[What the task asks] Only the pictures stay out; please return all the entries below exactly as written.

*** Opening Recorded data ***

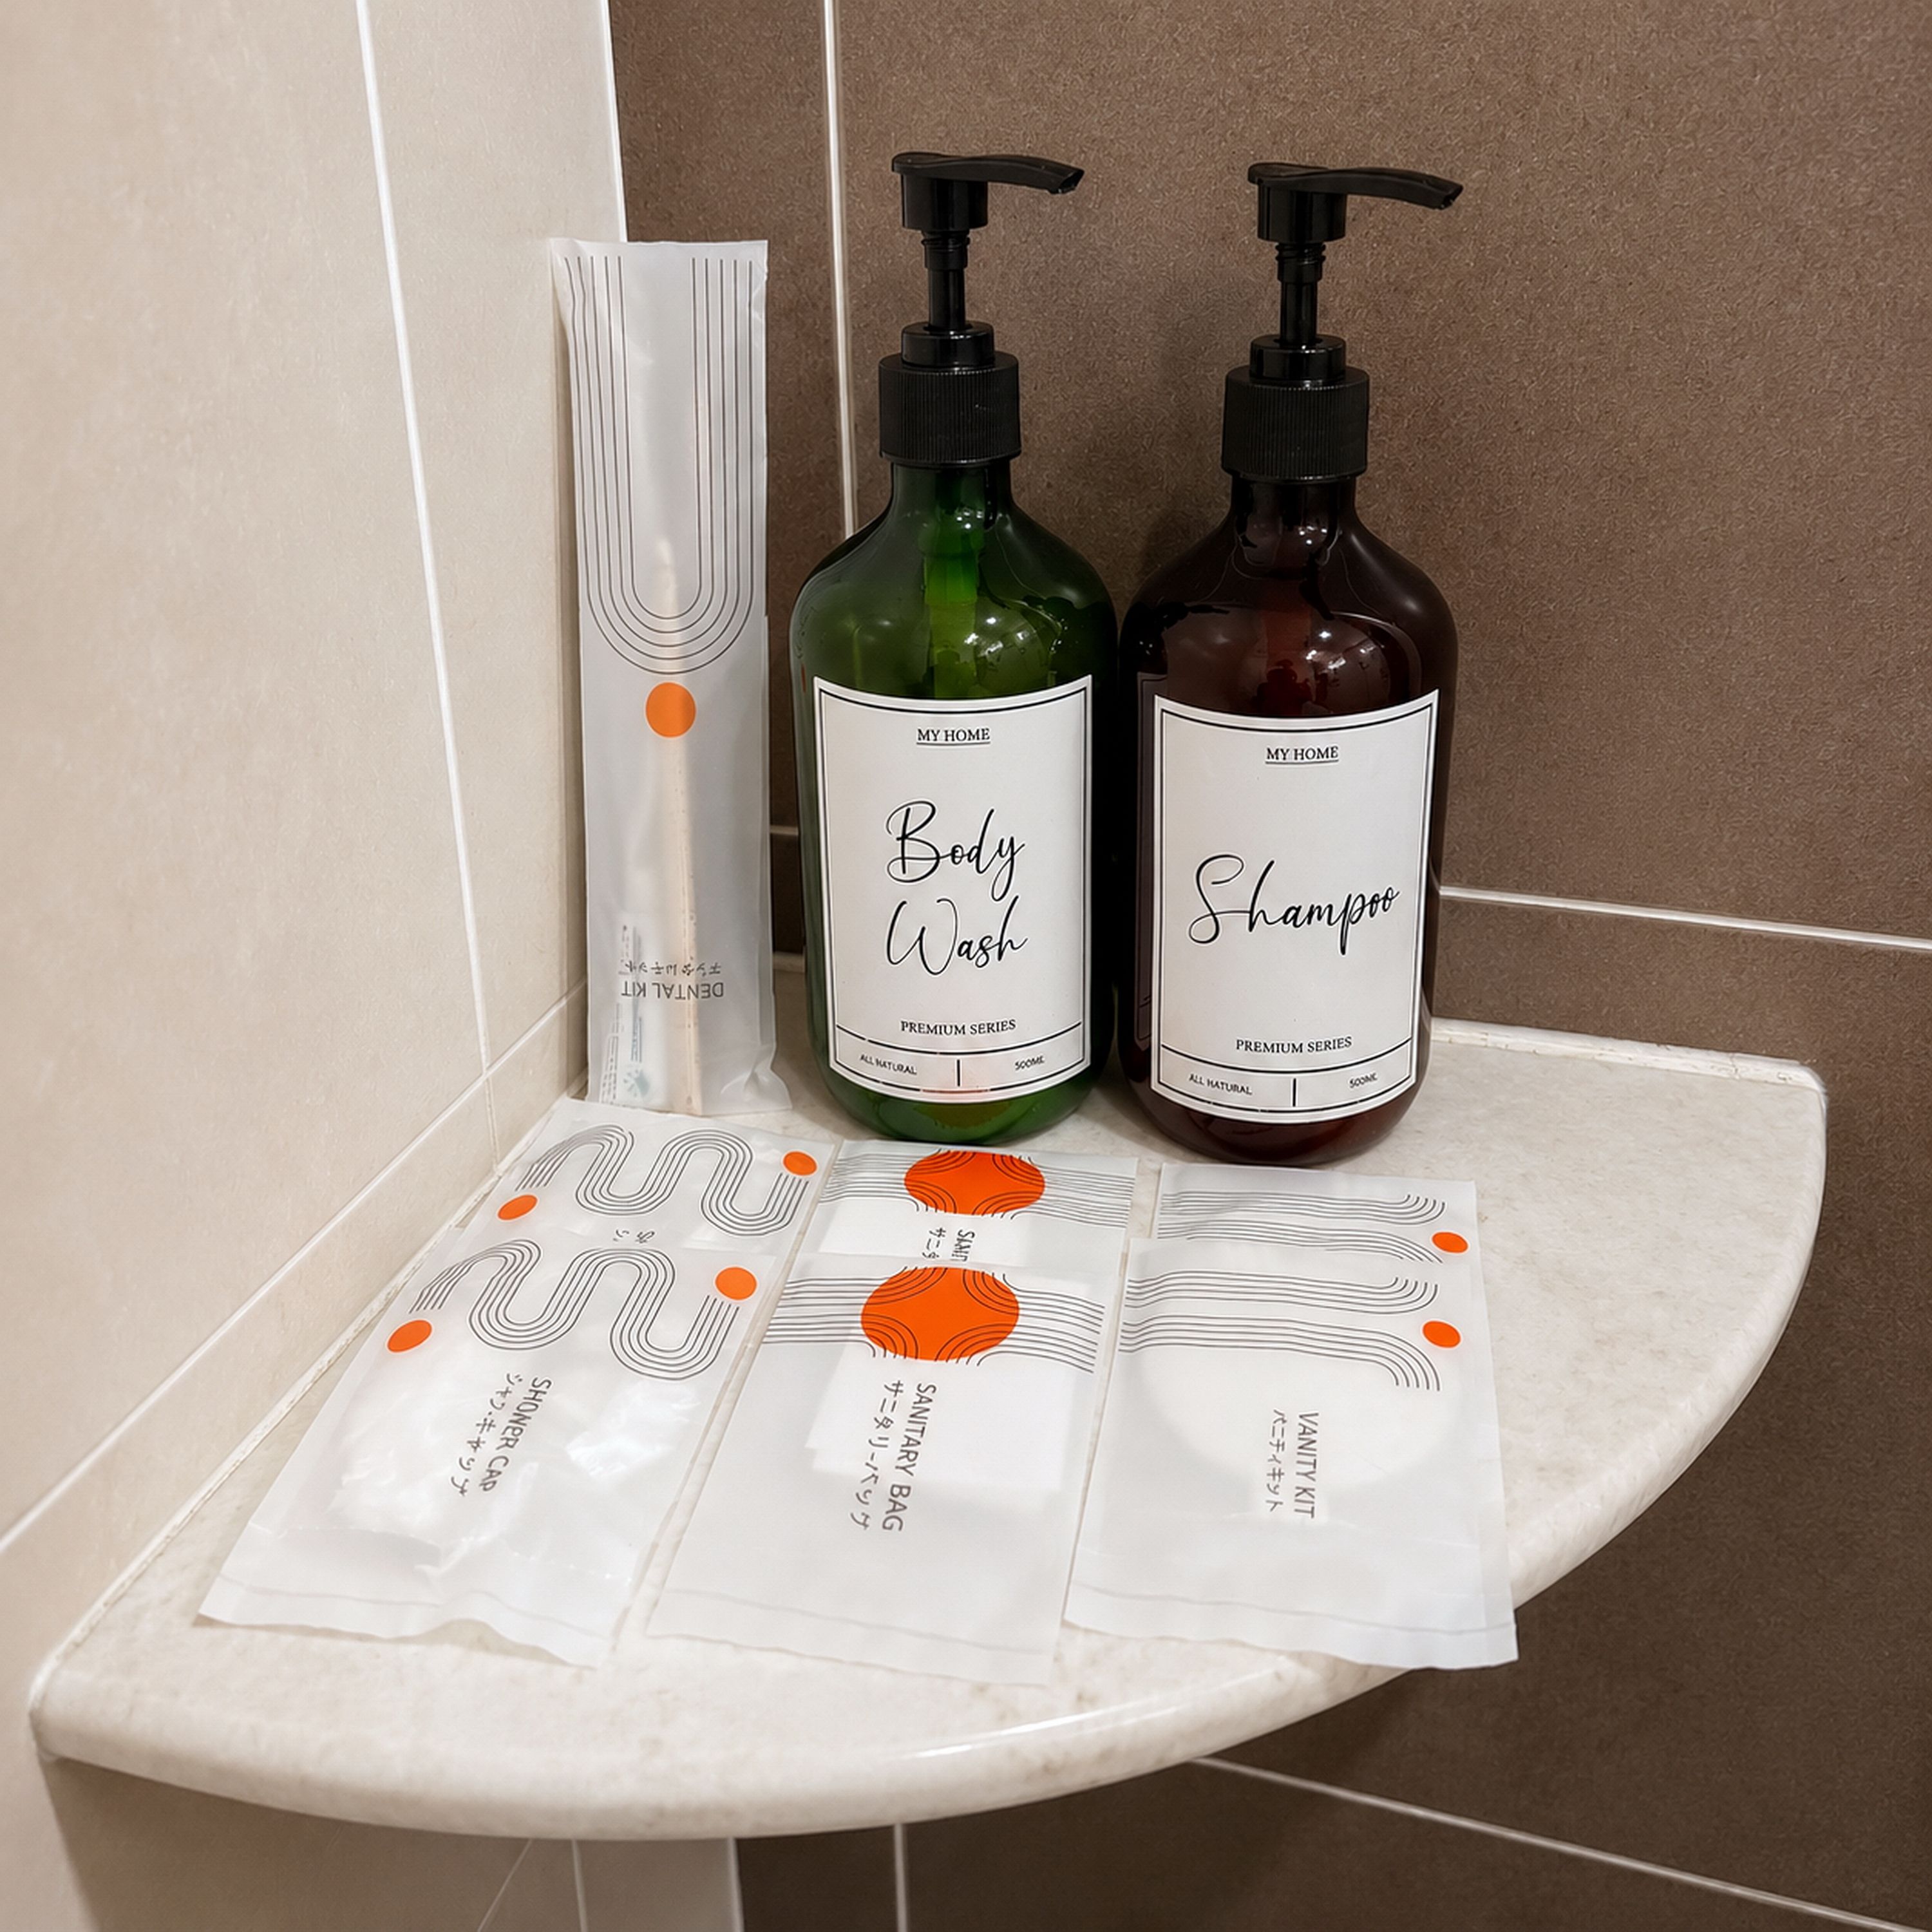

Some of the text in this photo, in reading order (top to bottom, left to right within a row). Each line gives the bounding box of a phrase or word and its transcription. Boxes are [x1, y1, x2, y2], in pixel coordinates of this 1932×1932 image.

[917, 728, 990, 742] MY HOME
[1267, 746, 1338, 761] MY HOME
[886, 800, 1025, 901] Body
[1188, 854, 1400, 956] Shampoo
[886, 896, 1028, 976] Wash
[621, 981, 724, 999] DENTAL KIT
[900, 1019, 1016, 1036] PREMIUM SERIES
[1236, 1036, 1352, 1054] PREMIUM SERIES
[860, 1054, 917, 1075] ALL NATURAL
[1189, 1074, 1253, 1095] ALL NATURAL
[882, 1383, 937, 1531] SANITARY BAG
[1294, 1412, 1319, 1519] VANITY KIT
[478, 1455, 509, 1492] CAP

*** Closing Recorded data ***

[Response to the exercise]
Some of the text in this photo, in reading order (top to bottom, left to right within a row). Each line gives the bounding box of a phrase or word and its transcription. Boxes are [x1, y1, x2, y2], in pixel coordinates of this 1932×1932 image.

[917, 728, 990, 742] MY HOME
[1267, 746, 1338, 761] MY HOME
[886, 800, 1025, 901] Body
[1188, 854, 1400, 956] Shampoo
[886, 896, 1028, 976] Wash
[621, 981, 724, 999] DENTAL KIT
[900, 1019, 1016, 1036] PREMIUM SERIES
[1236, 1036, 1352, 1054] PREMIUM SERIES
[860, 1054, 917, 1075] ALL NATURAL
[1189, 1074, 1253, 1095] ALL NATURAL
[882, 1383, 937, 1531] SANITARY BAG
[1294, 1412, 1319, 1519] VANITY KIT
[478, 1455, 509, 1492] CAP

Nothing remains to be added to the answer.